Combine customized dependencies into your Amazon Sagemaker Canvas workflow

by root March 28, 2025

written by root March 28, 2025 0 comment 143 views

When implementing machine studying (ML) workflows with Amazon Sagemaker Canvas, organizations may have to contemplate the exterior dependencies wanted for a specific use case. Sagemaker Canvas presents highly effective no-code and low-code performance for fast experiments, however some tasks could require specialised dependencies and libraries that aren’t included in Sagemaker Canvas by default. This submit supplies an instance of the best way to incorporate code that will depend on exterior dependencies into the Sagemaker Canvas workflow.

Amazon Sagemaker Canvas is a low-code, no-code (LCNC) ML platform that guides you thru each step of the ML journey, from making ready preliminary information to deploying the ultimate mannequin. With out writing a single line of code, customers can discover datasets, rework information, construct fashions, and generate predictions.

Sagemaker Canvas presents complete information relaunching capabilities that show you how to put together your information, together with:

Over 300 built-in conversion steps
Purposeful Engineering Operate
Knowledge normalization and cleaning features
Customized code editors that assist Python, Pyspark, and Sparksql

This submit reveals you the best way to embody dependencies saved in Amazon Easy Storage Service (Amazon S3) inside an Amazon Sagemaker Knowledge Wrangler Circulate. This strategy can be utilized to run customized scripts that depend on modules which might be basically not supported by Sagemaker Canvas.

Resolution overview

To showcase customized scripts and dependencies integration from Amazon S3 to Sagemaker Canvas, we contemplate the next workflow:

The answer follows three most important steps:

Add customized scripts and dependencies to Amazon S3
Use Sagemaker Knowledge Wrangler to make use of Sagemaker Canvas to transform information utilizing uploaded code
Practice and export fashions

The next diagram reveals the structure of the answer.

This instance makes use of two complementary datasets out there in Sagemaker Canvas, containing supply info for pc display screen supply. By combining these datasets, we create a complete dataset that captures numerous supply metrics and supply outcomes. Our aim is to construct a predictive mannequin that may decide whether or not future shipments will arrive on time primarily based on future delivery patterns and traits.

Stipulations

As a prerequisite, you need to entry Amazon S3 and Amazon Sagemaker AI. If you don’t have already got a Sagemaker AI area configured together with your account, additionally, you will want permissions to create a Sagemaker AI area.

Create an information movement

To create an information movement:

Amazon Sagemaker AI Console, beneath the navigation pane Functions and IDEs,selection canvasas proven within the following screenshot. If you have not performed so but, chances are you’ll must create a sage maker area.
As soon as the area is created, choose it Open the canvas.

On the canvas, choose Dataset Choose the tab and Canvas-Pattern-shipping-logs.csv as proven within the following screenshot. When the preview seems, choose it + Create an information movement.

The primary information movement opens with one supply and one information kind.

Choose it within the prime proper nook of the display screen Add information → Floor. select Canvas Knowledge Set Choose Canvas-Pattern-Product-Descriptions.csv because the supply.
select Subsequent As proven within the following screenshot. Subsequent, choose Import.

As soon as each datasets have been added, choose the plus signal. From the drop-down menu,[選択]Choose Mix information. Choose from the next drop-down menu take part.

To carry out ProductID column, right-hand menu, backside inside be a part of Take part in kindselect Interior bond. beneath Be part of keyselect ProductIdas proven within the following screenshot.

As soon as the datasets are mixed, choose the plus signal. Within the drop-down menu, choose + Add a conversion. A preview of the dataset opens.

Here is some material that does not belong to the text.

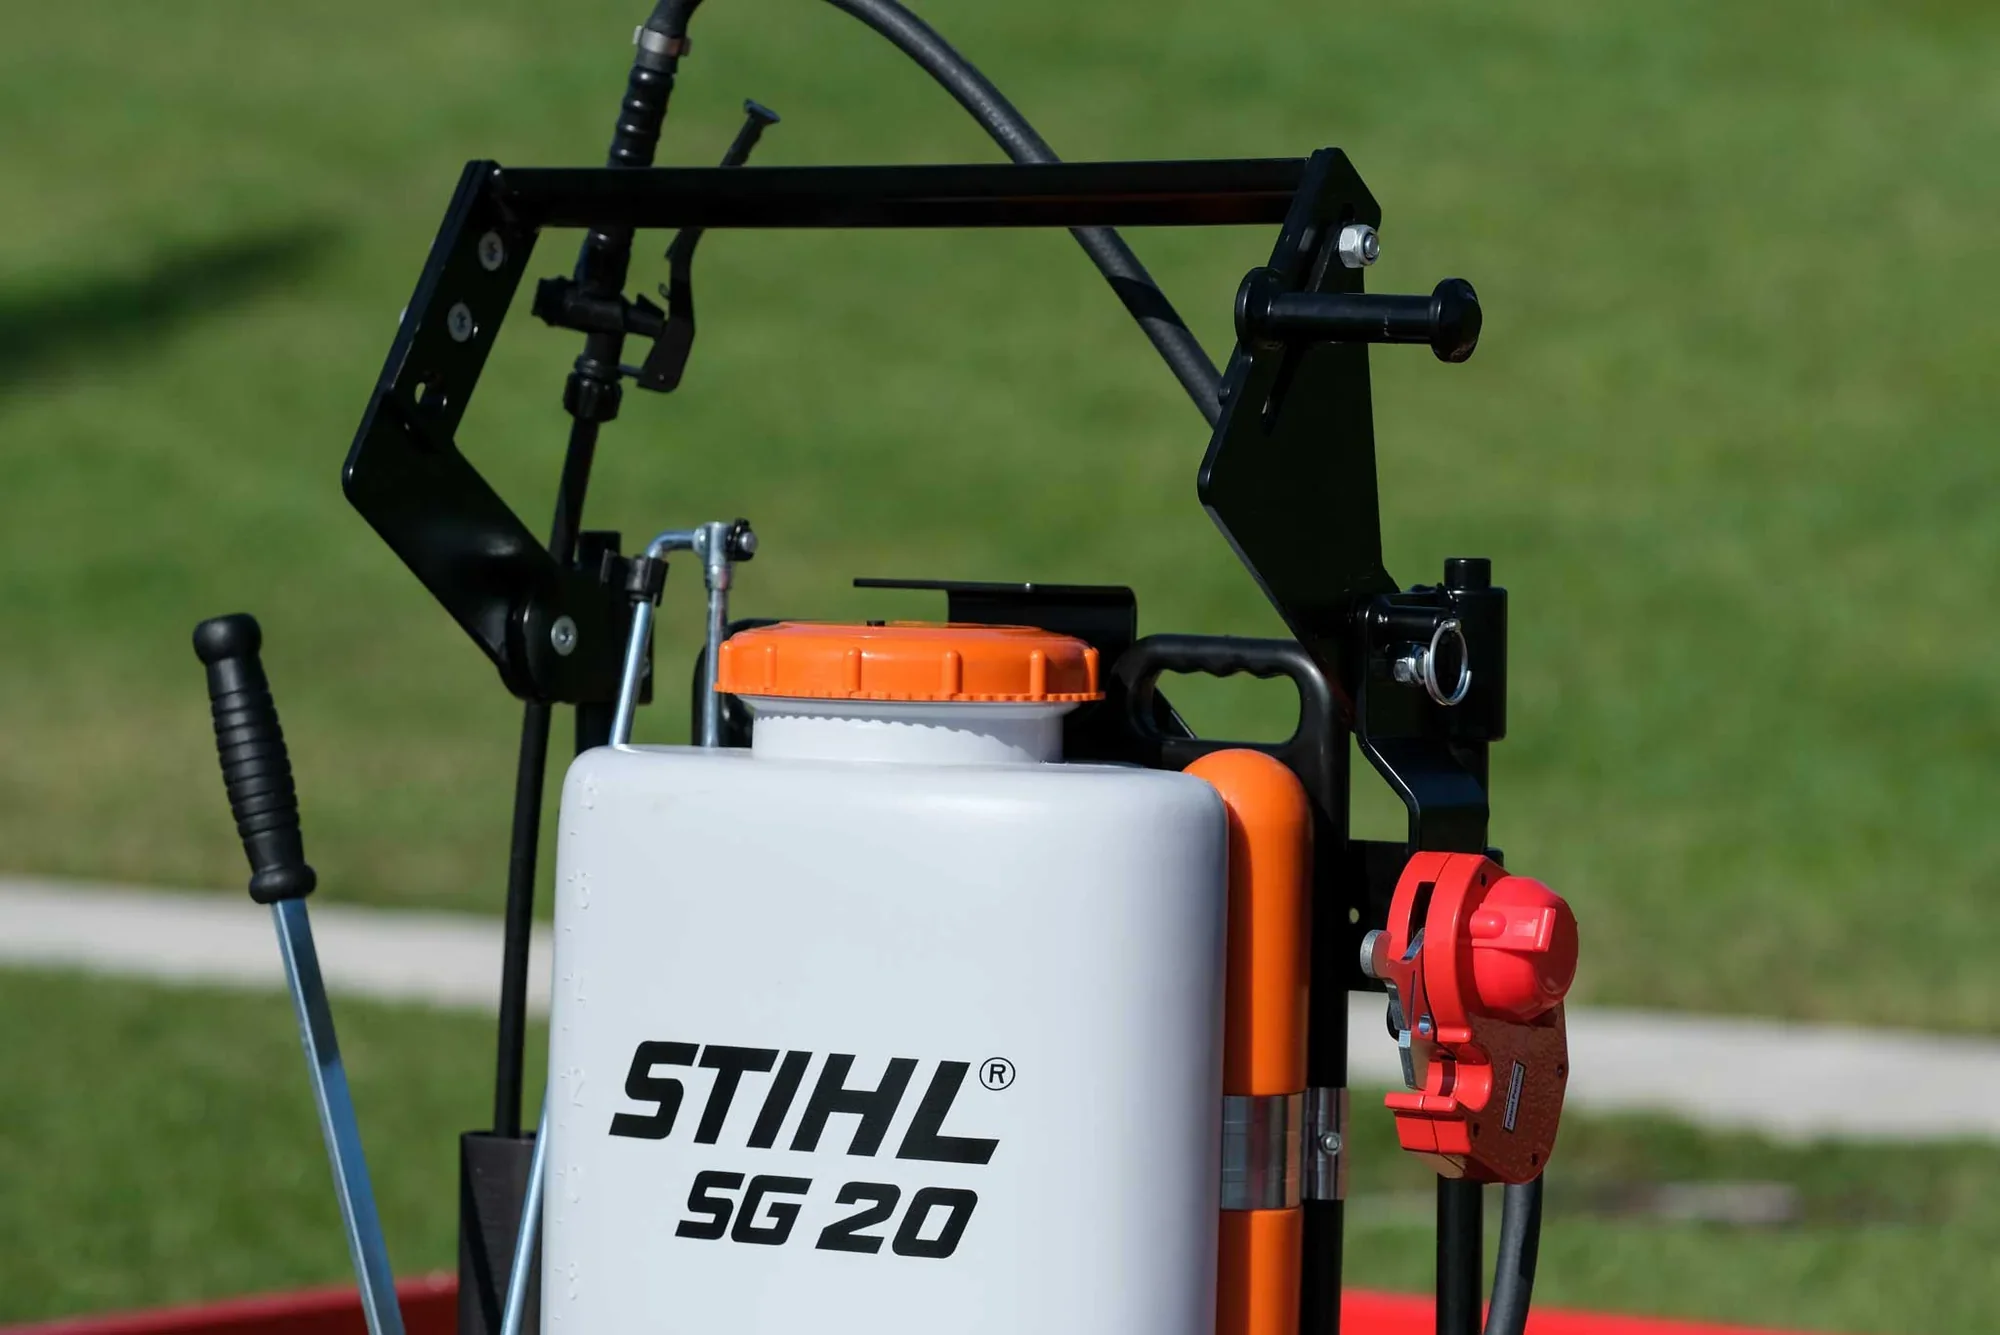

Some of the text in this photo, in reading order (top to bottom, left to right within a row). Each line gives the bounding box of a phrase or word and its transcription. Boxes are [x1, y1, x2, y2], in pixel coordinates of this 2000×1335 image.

[608, 1040, 1001, 1165] STIHL
[674, 1170, 813, 1246] SG
[814, 1181, 979, 1259] 20

The dataset incorporates the XshippingDistance (LONG) and YSHIPPINGDISTANCE (LONG) columns. For our functions, we have to use a customized perform to seek out the overall distance utilizing x and y coordinates and drop particular person coordinate columns. On this instance, we use a perform that will depend on the MPMATH library to seek out the overall distance.

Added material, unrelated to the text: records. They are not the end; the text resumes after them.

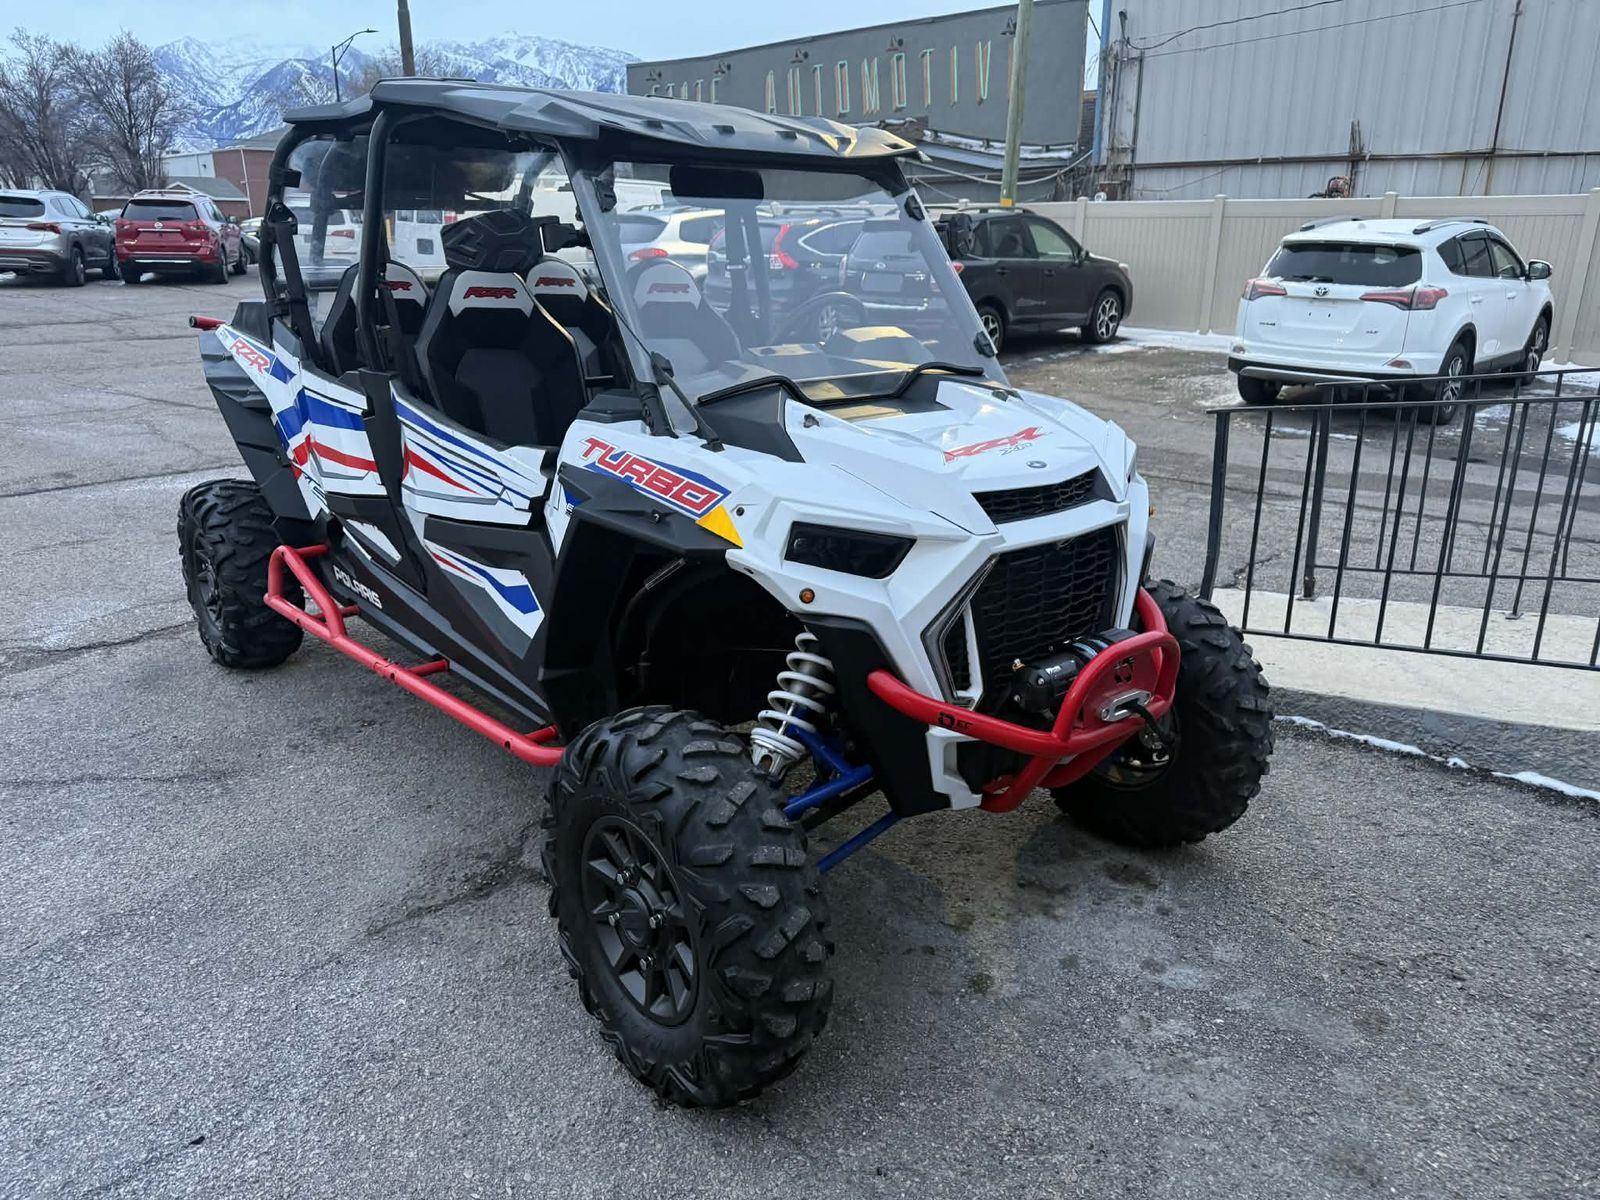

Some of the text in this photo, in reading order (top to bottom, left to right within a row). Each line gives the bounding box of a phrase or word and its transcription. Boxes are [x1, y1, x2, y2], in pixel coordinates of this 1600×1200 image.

[765, 38, 1014, 117] AUTOMOTIV
[463, 286, 518, 299] RZR
[228, 337, 271, 375] RZR
[580, 436, 721, 514] TURBO
[332, 565, 383, 610] POLARIS
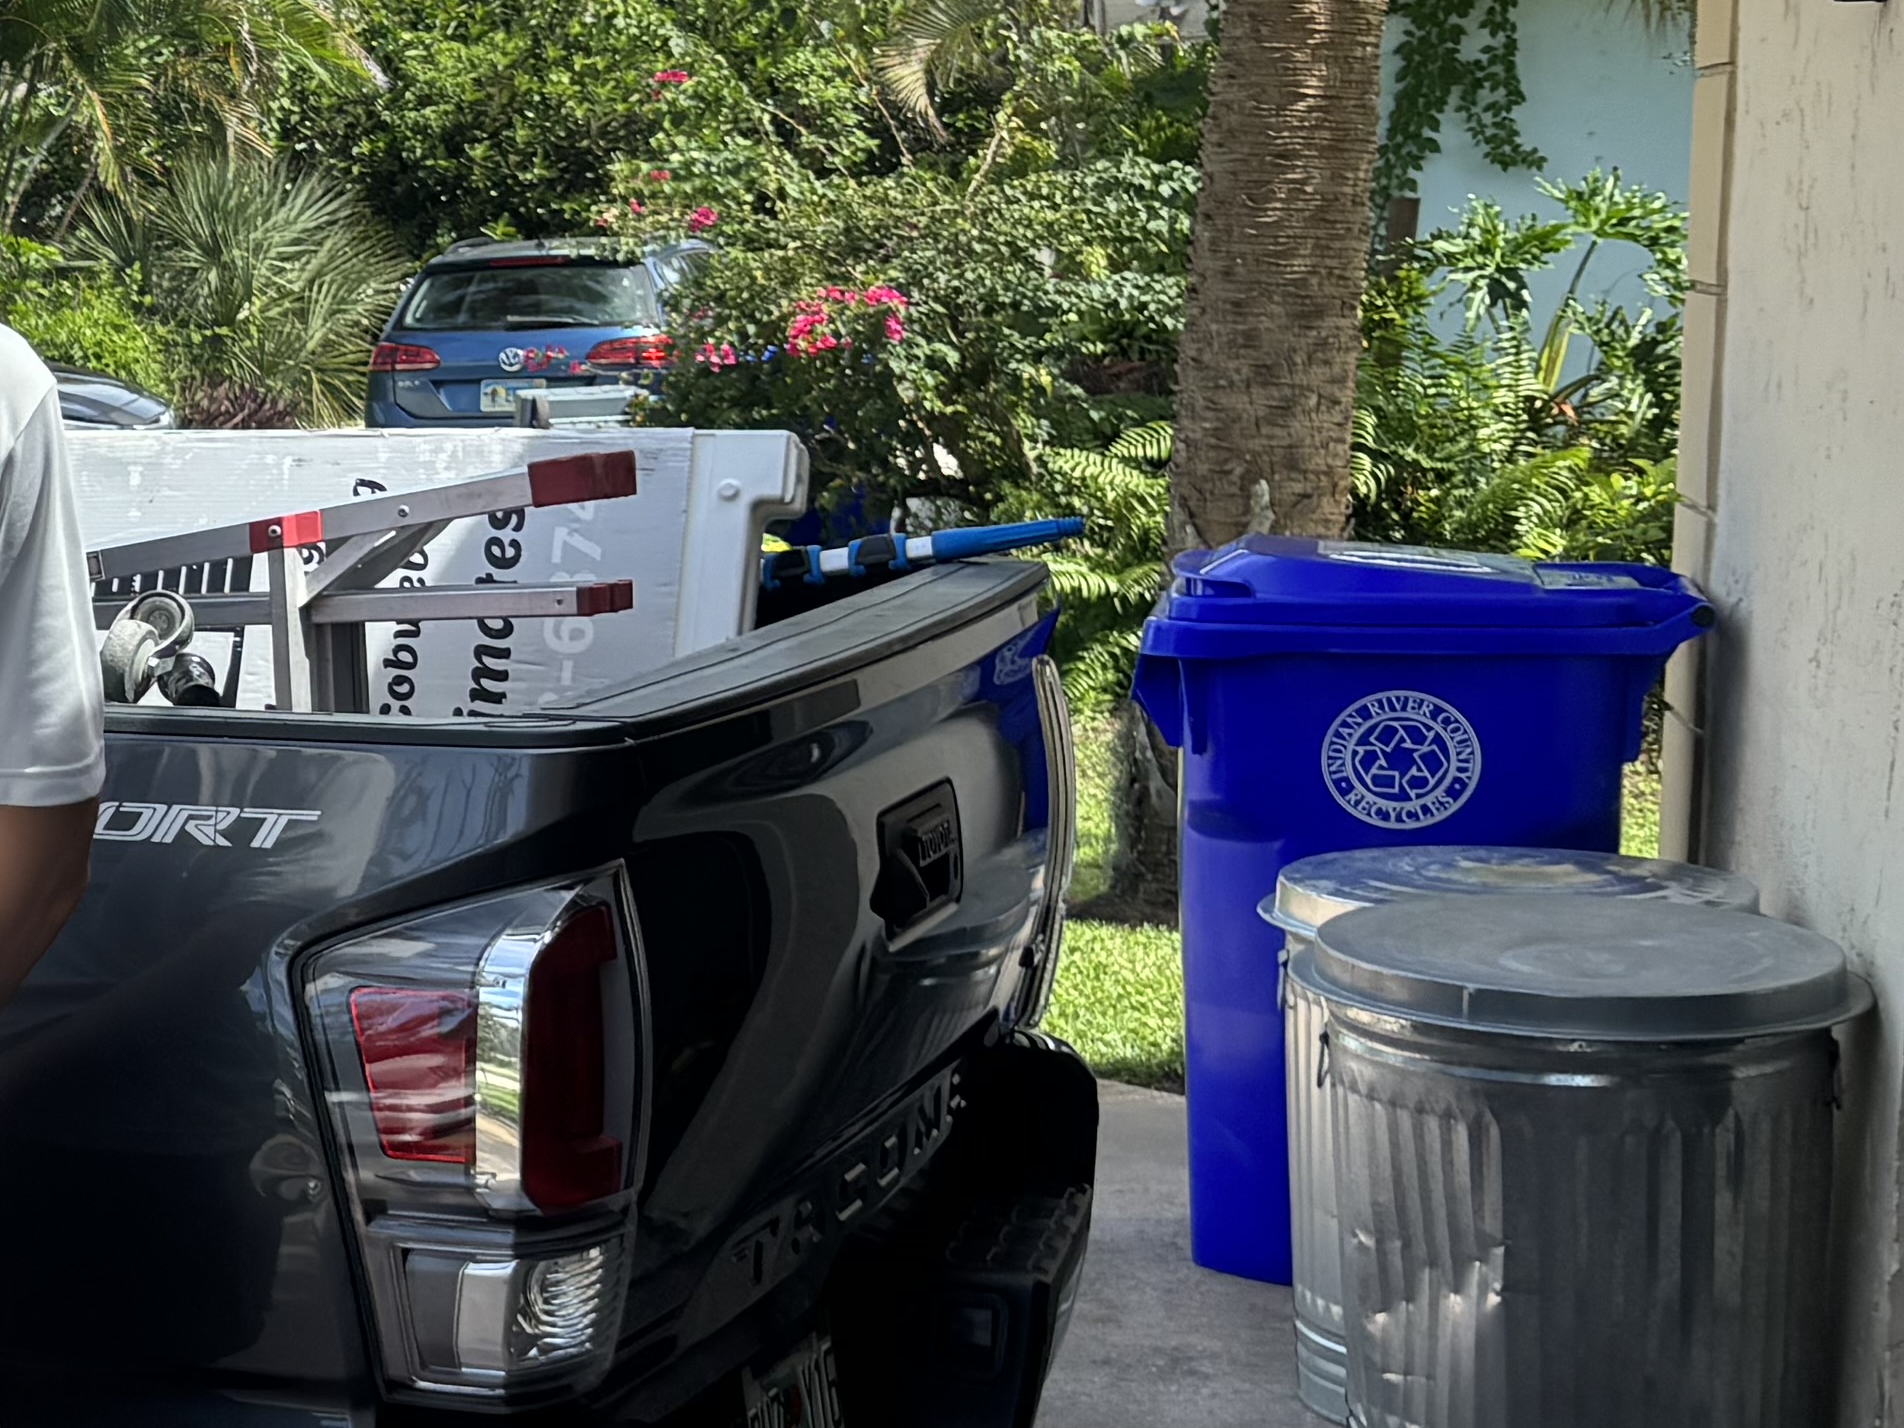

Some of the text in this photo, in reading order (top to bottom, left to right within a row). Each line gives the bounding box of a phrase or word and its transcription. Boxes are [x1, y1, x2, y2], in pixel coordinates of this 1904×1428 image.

[1327, 696, 1475, 783] INDIAN RIVER COUNTY
[1344, 792, 1454, 824] RECYCLES

To name a customized perform, choose + Add a conversion. Within the drop-down menu, choose Customized conversion. Change the editor Python (Panda) Strive operating the next perform from the Python editor:

from mpmath import sqrt  # Import sqrt from mpmath

def calculate_total_distance(df, x_col="XShippingDistance", y_col="YShippingDistance", new_col="TotalDistance"):

    # Use mpmath's sqrt to calculate the overall distance for every row
    df[new_col] = df.apply(lambda row: float(sqrt(row[x_col]**2 + row[y_col]**2)), axis=1)
    
    # Drop the unique x and y columns
    df = df.drop(columns=[x_col, y_col])
    
    return df

df = calculate_total_distance(df)

Once I run the perform, I get the next error: ModulenotFounderror: There is no such thing as a module named “mpmath” as proven within the following screenshot.

MPMATH Module Error

This error happens as a result of MPMATH shouldn’t be a module that’s basically supported by Sagemaker Canvas. To make use of features that depend on this module, it’s good to strategy the usage of customized features another way.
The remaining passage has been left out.